Ranked Choice Voting (RCV) as a Solution to Gerrymandering?
Wouldn't Ranked Choice Voting (RCV) be a kind of antibody to gerrymandering?
To be upfront: I'm not addressing the political challenge of educating voters on RCV or getting it implemented. My thesis is simply that if RCV were widely adopted, gerrymandering would become a fool's errand for any party.
Gerrymandering is appealing precisely because it only requires manipulating two dimensions: pack and crack across two parties. That simplicity flows directly from a two-party dominated plurality voting (2PDPV) system. 2PDPV breeds a few distinct voter habits:
- Extreme single-issue voting: Voters inclined toward single-issue voting view a loss as catastrophic and a win as a boon — regardless of how extreme the candidate's platform is on that issue.

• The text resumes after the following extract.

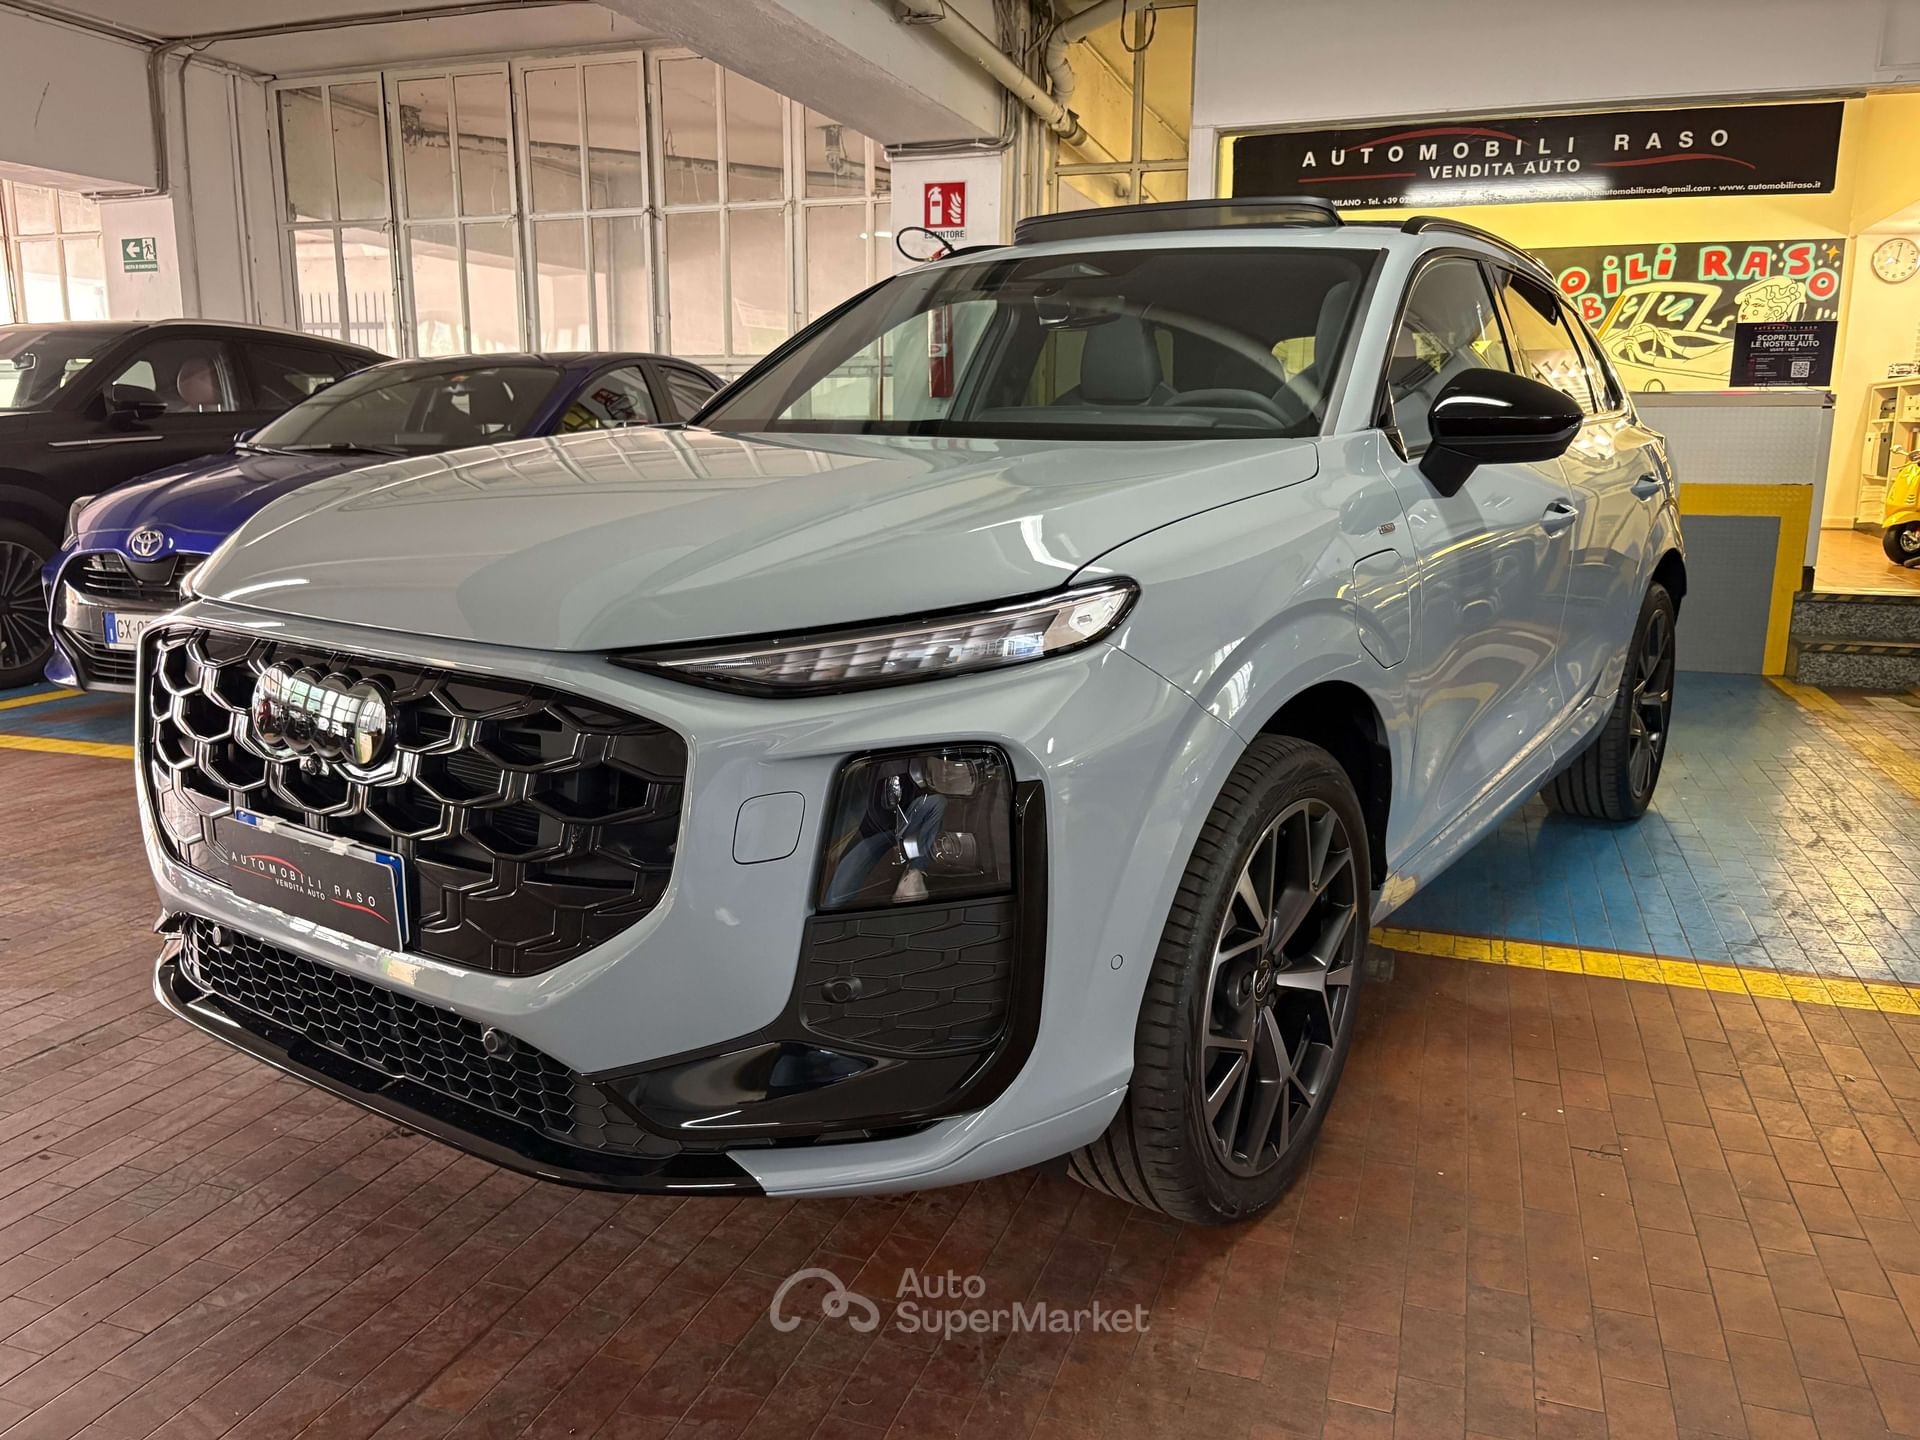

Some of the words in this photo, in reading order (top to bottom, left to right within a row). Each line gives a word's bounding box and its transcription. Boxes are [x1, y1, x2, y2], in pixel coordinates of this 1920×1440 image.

- Disenfranchisement: Neither candidate looks appealing, so voters either sit out entirely or vote for the lesser of two evils without believing government will do anything meaningful either way.
- Heuristic party loyalty: With choices so constrained, party loyalty becomes a mental shortcut — voters submit a ballot without seriously considering who they're asking to represent them.
The result is low turnout and a politically disengaged populace caught between extreme single-issue voting and milquetoast party loyalty.
RCV would disrupt that dynamic in several ways:
- Third-party viability: Every vote counts toward a voter's preferred candidate, opening the door for third (or fourth, or fifth) parties to insert themselves between the current two.
- Single-issue relief: Rather than viewing a loss as catastrophic, single-issue voters could treat elections as opportunities to incrementally advance their ideas.
- Layered party loyalty: Instead of binary allegiance, voters could express a hierarchy of preferences across a spectrum of political dispositions.
- Enfranchisement: Knowing their vote will pool toward their best viable option — rather than vanish — gives voters a reason to research candidates and engage meaningfully. Maybe I'm being idealistic, but I think that translates to higher turnout.
With a more fluid, multi-party electorate, defining a district's political tendency becomes much harder. Drawing a map to entrench any single party's power would become untenable.
Curious to hear why others think gerrymandering would — or wouldn't — be crippled by RCV.